THE DATA >>

────────────────────────────────────────

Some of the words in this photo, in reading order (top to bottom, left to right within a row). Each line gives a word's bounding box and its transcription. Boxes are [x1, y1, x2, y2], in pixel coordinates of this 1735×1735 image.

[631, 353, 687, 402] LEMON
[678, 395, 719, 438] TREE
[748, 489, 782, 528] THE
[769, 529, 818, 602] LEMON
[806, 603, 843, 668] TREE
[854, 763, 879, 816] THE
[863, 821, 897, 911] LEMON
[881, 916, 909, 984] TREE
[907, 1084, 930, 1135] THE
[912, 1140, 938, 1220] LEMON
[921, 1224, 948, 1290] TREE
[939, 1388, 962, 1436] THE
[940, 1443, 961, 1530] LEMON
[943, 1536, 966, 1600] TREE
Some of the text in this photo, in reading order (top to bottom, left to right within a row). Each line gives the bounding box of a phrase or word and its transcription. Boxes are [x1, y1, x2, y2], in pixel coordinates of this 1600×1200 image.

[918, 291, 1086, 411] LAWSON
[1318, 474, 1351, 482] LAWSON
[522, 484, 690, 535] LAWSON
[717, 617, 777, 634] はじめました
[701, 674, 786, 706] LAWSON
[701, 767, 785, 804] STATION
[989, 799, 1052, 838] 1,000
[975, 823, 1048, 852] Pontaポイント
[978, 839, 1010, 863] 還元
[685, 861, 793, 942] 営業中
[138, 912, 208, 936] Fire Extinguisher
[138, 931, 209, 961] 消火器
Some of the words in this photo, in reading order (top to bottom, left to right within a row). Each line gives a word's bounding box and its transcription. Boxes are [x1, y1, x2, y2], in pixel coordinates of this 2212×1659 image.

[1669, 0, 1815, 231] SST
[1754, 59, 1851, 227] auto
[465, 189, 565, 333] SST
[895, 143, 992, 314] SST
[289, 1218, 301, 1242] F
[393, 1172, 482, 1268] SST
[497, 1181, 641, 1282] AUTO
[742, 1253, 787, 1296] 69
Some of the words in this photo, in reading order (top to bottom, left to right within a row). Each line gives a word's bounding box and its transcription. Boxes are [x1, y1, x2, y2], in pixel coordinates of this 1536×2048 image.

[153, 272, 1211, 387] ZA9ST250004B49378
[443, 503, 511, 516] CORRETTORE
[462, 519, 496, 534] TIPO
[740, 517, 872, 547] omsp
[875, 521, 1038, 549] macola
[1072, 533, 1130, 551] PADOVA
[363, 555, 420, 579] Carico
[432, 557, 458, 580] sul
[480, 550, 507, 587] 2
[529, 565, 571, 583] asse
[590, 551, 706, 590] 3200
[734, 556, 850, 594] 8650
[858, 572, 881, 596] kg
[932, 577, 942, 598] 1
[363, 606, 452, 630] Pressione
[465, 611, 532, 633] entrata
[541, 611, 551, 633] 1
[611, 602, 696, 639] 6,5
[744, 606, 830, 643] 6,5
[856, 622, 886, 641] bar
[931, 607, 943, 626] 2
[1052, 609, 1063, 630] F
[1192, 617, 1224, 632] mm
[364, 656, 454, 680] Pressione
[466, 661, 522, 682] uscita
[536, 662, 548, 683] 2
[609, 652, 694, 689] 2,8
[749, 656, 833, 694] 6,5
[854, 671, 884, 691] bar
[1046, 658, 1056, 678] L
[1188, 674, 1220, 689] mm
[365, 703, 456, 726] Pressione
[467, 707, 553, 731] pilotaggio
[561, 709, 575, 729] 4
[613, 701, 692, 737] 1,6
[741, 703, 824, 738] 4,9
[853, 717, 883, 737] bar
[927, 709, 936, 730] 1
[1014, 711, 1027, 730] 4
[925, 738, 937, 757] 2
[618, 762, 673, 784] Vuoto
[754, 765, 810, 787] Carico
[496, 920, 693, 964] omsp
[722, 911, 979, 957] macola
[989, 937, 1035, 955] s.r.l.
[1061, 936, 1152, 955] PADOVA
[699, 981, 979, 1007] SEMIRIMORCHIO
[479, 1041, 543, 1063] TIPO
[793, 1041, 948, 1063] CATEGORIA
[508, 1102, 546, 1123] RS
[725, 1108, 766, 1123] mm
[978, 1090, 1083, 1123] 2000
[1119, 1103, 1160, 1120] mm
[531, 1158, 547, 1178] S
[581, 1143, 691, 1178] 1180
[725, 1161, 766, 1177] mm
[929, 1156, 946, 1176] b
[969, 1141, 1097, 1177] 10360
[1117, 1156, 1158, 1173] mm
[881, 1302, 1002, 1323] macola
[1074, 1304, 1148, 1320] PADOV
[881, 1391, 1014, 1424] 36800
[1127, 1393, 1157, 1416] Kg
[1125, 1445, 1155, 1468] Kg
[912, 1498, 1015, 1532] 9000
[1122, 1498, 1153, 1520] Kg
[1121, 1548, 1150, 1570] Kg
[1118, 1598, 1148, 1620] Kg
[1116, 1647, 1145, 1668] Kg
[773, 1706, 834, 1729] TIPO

────────────────────────────────────────

WORK INSTRUCTIONS >> Each record must be restated word for word, including the last line.

TASK ANSWER >>
Some of the words in this photo, in reading order (top to bottom, left to right within a row). Each line gives a word's bounding box and its transcription. Boxes are [x1, y1, x2, y2], in pixel coordinates of this 1735×1735 image.

[631, 353, 687, 402] LEMON
[678, 395, 719, 438] TREE
[748, 489, 782, 528] THE
[769, 529, 818, 602] LEMON
[806, 603, 843, 668] TREE
[854, 763, 879, 816] THE
[863, 821, 897, 911] LEMON
[881, 916, 909, 984] TREE
[907, 1084, 930, 1135] THE
[912, 1140, 938, 1220] LEMON
[921, 1224, 948, 1290] TREE
[939, 1388, 962, 1436] THE
[940, 1443, 961, 1530] LEMON
[943, 1536, 966, 1600] TREE
Some of the text in this photo, in reading order (top to bottom, left to right within a row). Each line gives the bounding box of a phrase or word and its transcription. Boxes are [x1, y1, x2, y2], in pixel coordinates of this 1600×1200 image.

[918, 291, 1086, 411] LAWSON
[1318, 474, 1351, 482] LAWSON
[522, 484, 690, 535] LAWSON
[717, 617, 777, 634] はじめました
[701, 674, 786, 706] LAWSON
[701, 767, 785, 804] STATION
[989, 799, 1052, 838] 1,000
[975, 823, 1048, 852] Pontaポイント
[978, 839, 1010, 863] 還元
[685, 861, 793, 942] 営業中
[138, 912, 208, 936] Fire Extinguisher
[138, 931, 209, 961] 消火器
Some of the words in this photo, in reading order (top to bottom, left to right within a row). Each line gives a word's bounding box and its transcription. Boxes are [x1, y1, x2, y2], in pixel coordinates of this 2212×1659 image.

[1669, 0, 1815, 231] SST
[1754, 59, 1851, 227] auto
[465, 189, 565, 333] SST
[895, 143, 992, 314] SST
[289, 1218, 301, 1242] F
[393, 1172, 482, 1268] SST
[497, 1181, 641, 1282] AUTO
[742, 1253, 787, 1296] 69
Some of the words in this photo, in reading order (top to bottom, left to right within a row). Each line gives a word's bounding box and its transcription. Boxes are [x1, y1, x2, y2], in pixel coordinates of this 1536×2048 image.

[153, 272, 1211, 387] ZA9ST250004B49378
[443, 503, 511, 516] CORRETTORE
[462, 519, 496, 534] TIPO
[740, 517, 872, 547] omsp
[875, 521, 1038, 549] macola
[1072, 533, 1130, 551] PADOVA
[363, 555, 420, 579] Carico
[432, 557, 458, 580] sul
[480, 550, 507, 587] 2
[529, 565, 571, 583] asse
[590, 551, 706, 590] 3200
[734, 556, 850, 594] 8650
[858, 572, 881, 596] kg
[932, 577, 942, 598] 1
[363, 606, 452, 630] Pressione
[465, 611, 532, 633] entrata
[541, 611, 551, 633] 1
[611, 602, 696, 639] 6,5
[744, 606, 830, 643] 6,5
[856, 622, 886, 641] bar
[931, 607, 943, 626] 2
[1052, 609, 1063, 630] F
[1192, 617, 1224, 632] mm
[364, 656, 454, 680] Pressione
[466, 661, 522, 682] uscita
[536, 662, 548, 683] 2
[609, 652, 694, 689] 2,8
[749, 656, 833, 694] 6,5
[854, 671, 884, 691] bar
[1046, 658, 1056, 678] L
[1188, 674, 1220, 689] mm
[365, 703, 456, 726] Pressione
[467, 707, 553, 731] pilotaggio
[561, 709, 575, 729] 4
[613, 701, 692, 737] 1,6
[741, 703, 824, 738] 4,9
[853, 717, 883, 737] bar
[927, 709, 936, 730] 1
[1014, 711, 1027, 730] 4
[925, 738, 937, 757] 2
[618, 762, 673, 784] Vuoto
[754, 765, 810, 787] Carico
[496, 920, 693, 964] omsp
[722, 911, 979, 957] macola
[989, 937, 1035, 955] s.r.l.
[1061, 936, 1152, 955] PADOVA
[699, 981, 979, 1007] SEMIRIMORCHIO
[479, 1041, 543, 1063] TIPO
[793, 1041, 948, 1063] CATEGORIA
[508, 1102, 546, 1123] RS
[725, 1108, 766, 1123] mm
[978, 1090, 1083, 1123] 2000
[1119, 1103, 1160, 1120] mm
[531, 1158, 547, 1178] S
[581, 1143, 691, 1178] 1180
[725, 1161, 766, 1177] mm
[929, 1156, 946, 1176] b
[969, 1141, 1097, 1177] 10360
[1117, 1156, 1158, 1173] mm
[881, 1302, 1002, 1323] macola
[1074, 1304, 1148, 1320] PADOV
[881, 1391, 1014, 1424] 36800
[1127, 1393, 1157, 1416] Kg
[1125, 1445, 1155, 1468] Kg
[912, 1498, 1015, 1532] 9000
[1122, 1498, 1153, 1520] Kg
[1121, 1548, 1150, 1570] Kg
[1118, 1598, 1148, 1620] Kg
[1116, 1647, 1145, 1668] Kg
[773, 1706, 834, 1729] TIPO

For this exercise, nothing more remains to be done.